- The task -
Pictures must not be copied, but every entry must be reproduced exactly.

- Stored data entries -

= = =

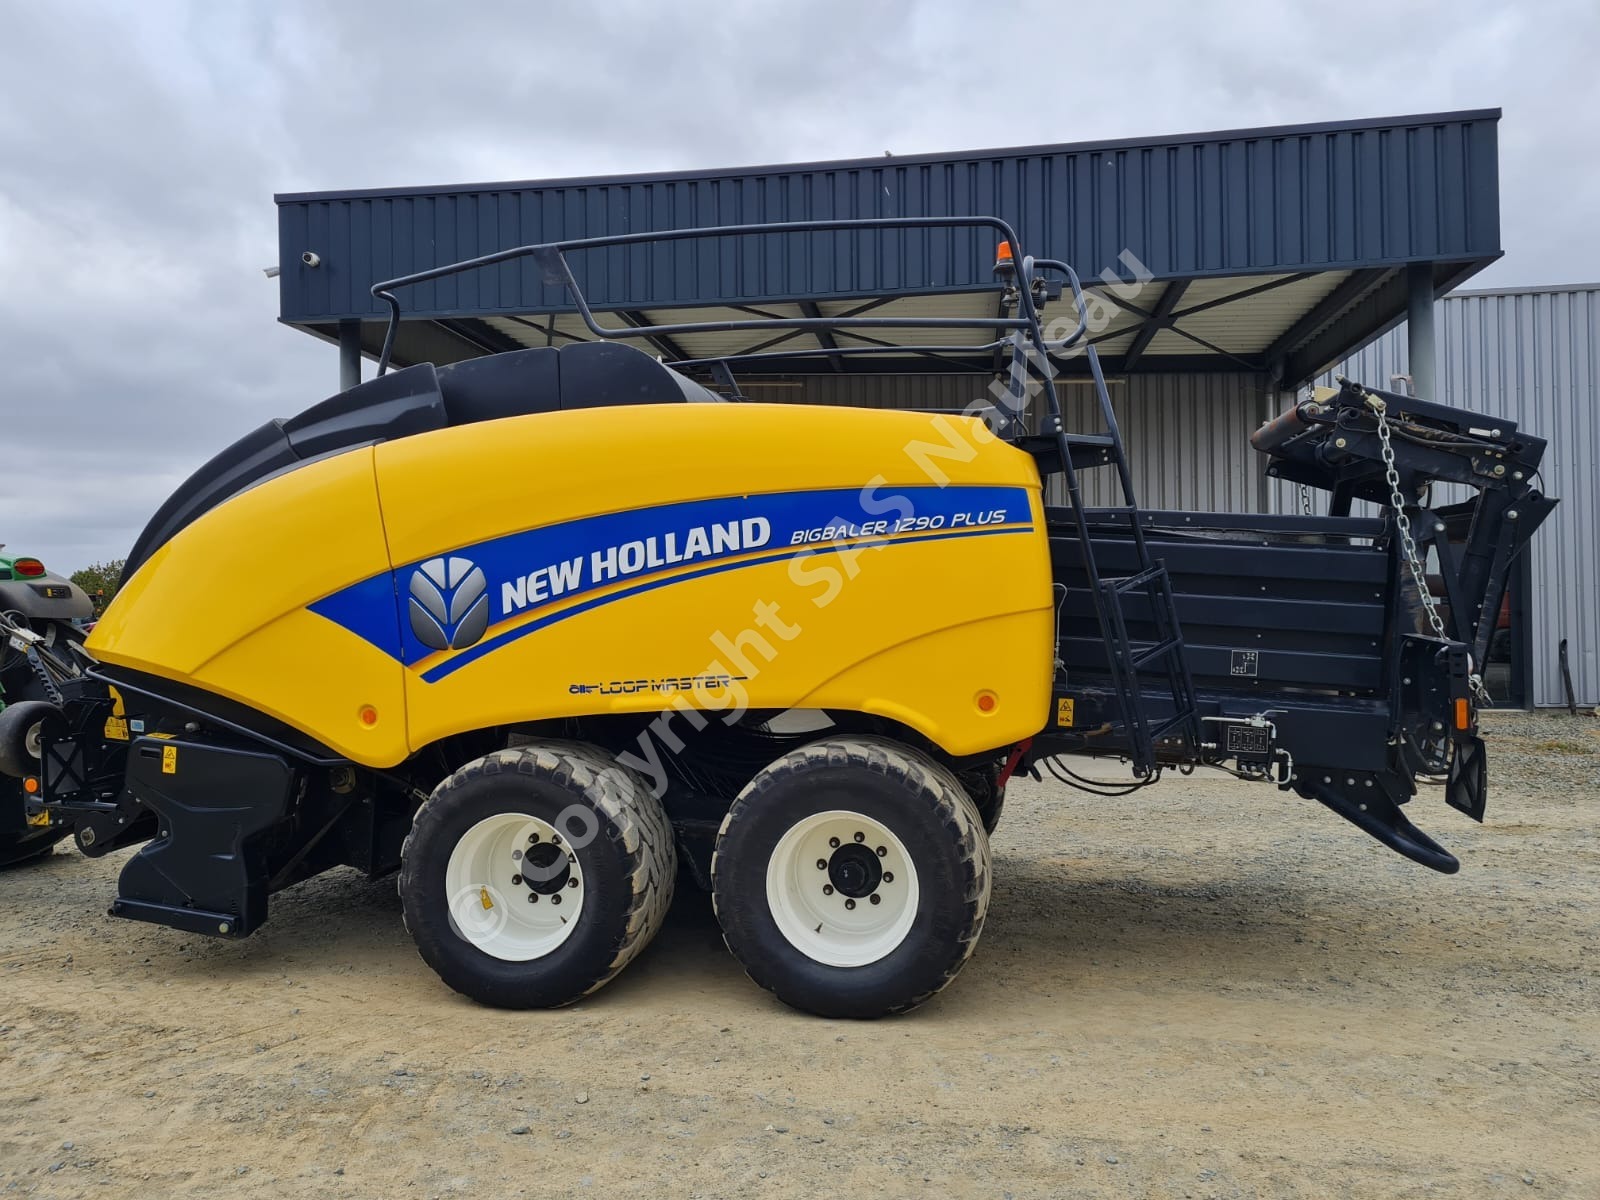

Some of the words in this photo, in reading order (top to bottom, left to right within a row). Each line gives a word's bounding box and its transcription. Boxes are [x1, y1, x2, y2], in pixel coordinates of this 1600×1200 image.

[790, 520, 888, 545] BIGBALER
[893, 515, 945, 532] 1290
[951, 510, 1007, 527] PLUS
[502, 556, 584, 615] NEW
[591, 517, 771, 583] HOLLAND

= = =

- Solution for this exercise -
Some of the words in this photo, in reading order (top to bottom, left to right within a row). Each line gives a word's bounding box and its transcription. Boxes are [x1, y1, x2, y2], in pixel coordinates of this 1600×1200 image.

[790, 520, 888, 545] BIGBALER
[893, 515, 945, 532] 1290
[951, 510, 1007, 527] PLUS
[502, 556, 584, 615] NEW
[591, 517, 771, 583] HOLLAND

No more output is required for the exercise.